* _Exercise aim_: Every entry in the data is to be written out exactly; no picture belongs in the copy.

* _Listed entries_:
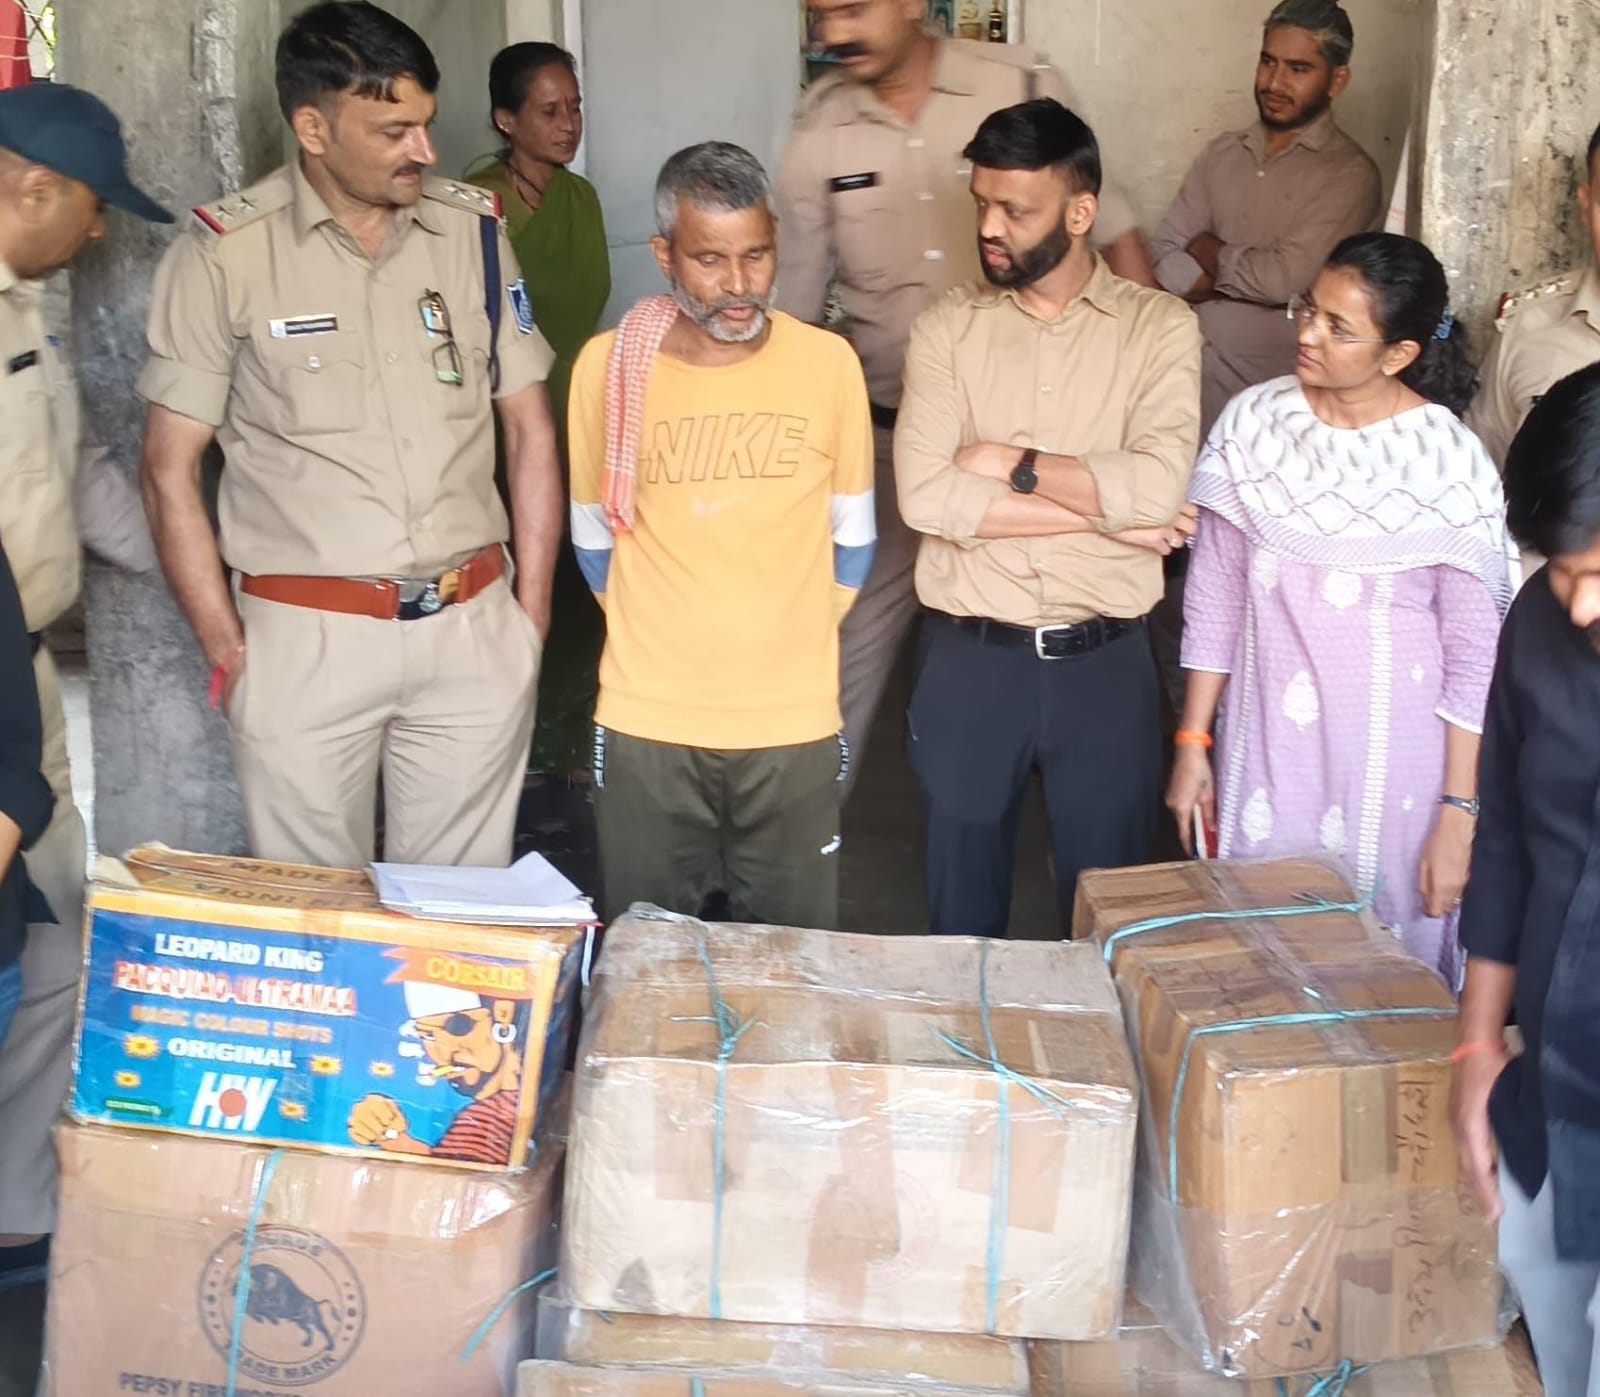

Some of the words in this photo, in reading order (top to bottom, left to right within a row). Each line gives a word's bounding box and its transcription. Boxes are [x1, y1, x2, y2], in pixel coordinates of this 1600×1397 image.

[646, 412, 809, 484] NIKE
[229, 861, 333, 883] MADE
[154, 933, 261, 966] LEOPARD
[264, 946, 324, 973] KING
[426, 956, 528, 992] CORSAIR
[167, 1037, 297, 1069] ORIGINAL
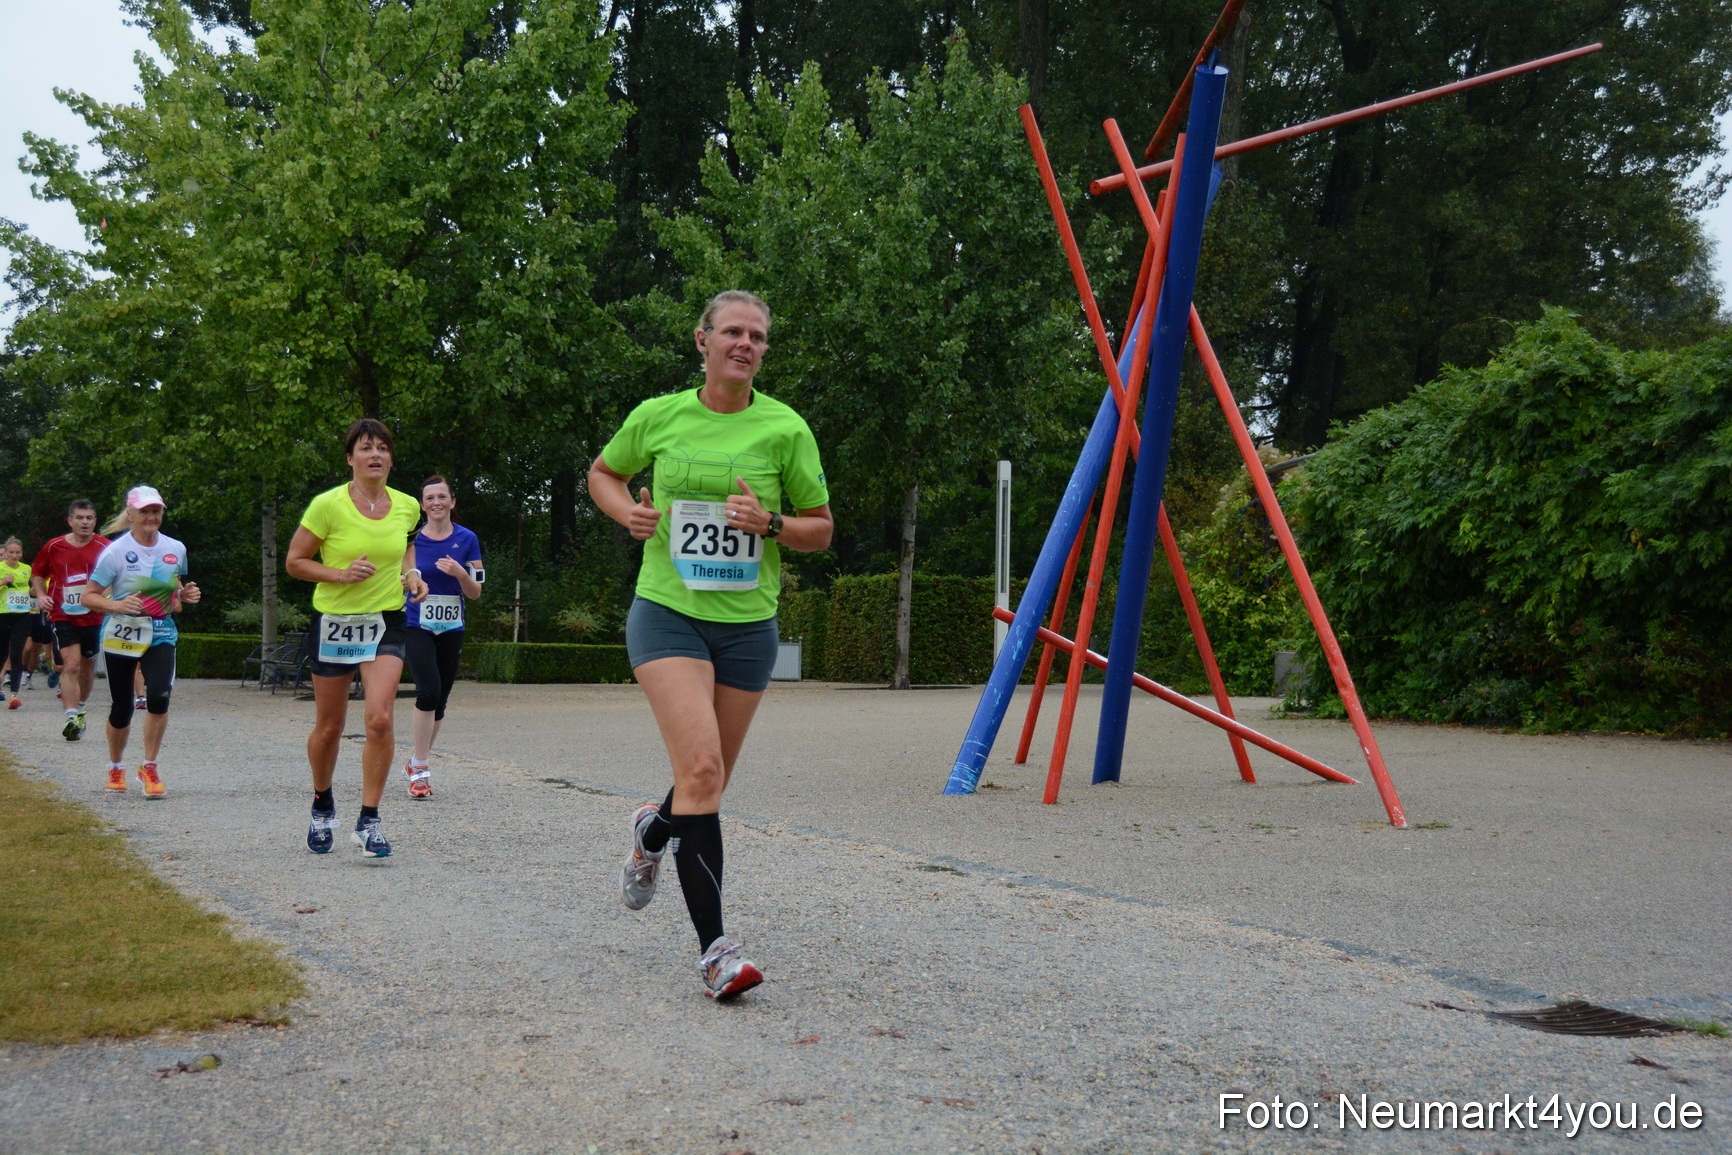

* _Reply_:
Some of the words in this photo, in reading order (top to bottom, left to right within a row). Each line gives a word's bounding box and its transcription. Boxes are [x1, y1, x2, y2], in pixel coordinates of this 1600×1397 image.

[646, 412, 809, 484] NIKE
[229, 861, 333, 883] MADE
[154, 933, 261, 966] LEOPARD
[264, 946, 324, 973] KING
[426, 956, 528, 992] CORSAIR
[167, 1037, 297, 1069] ORIGINAL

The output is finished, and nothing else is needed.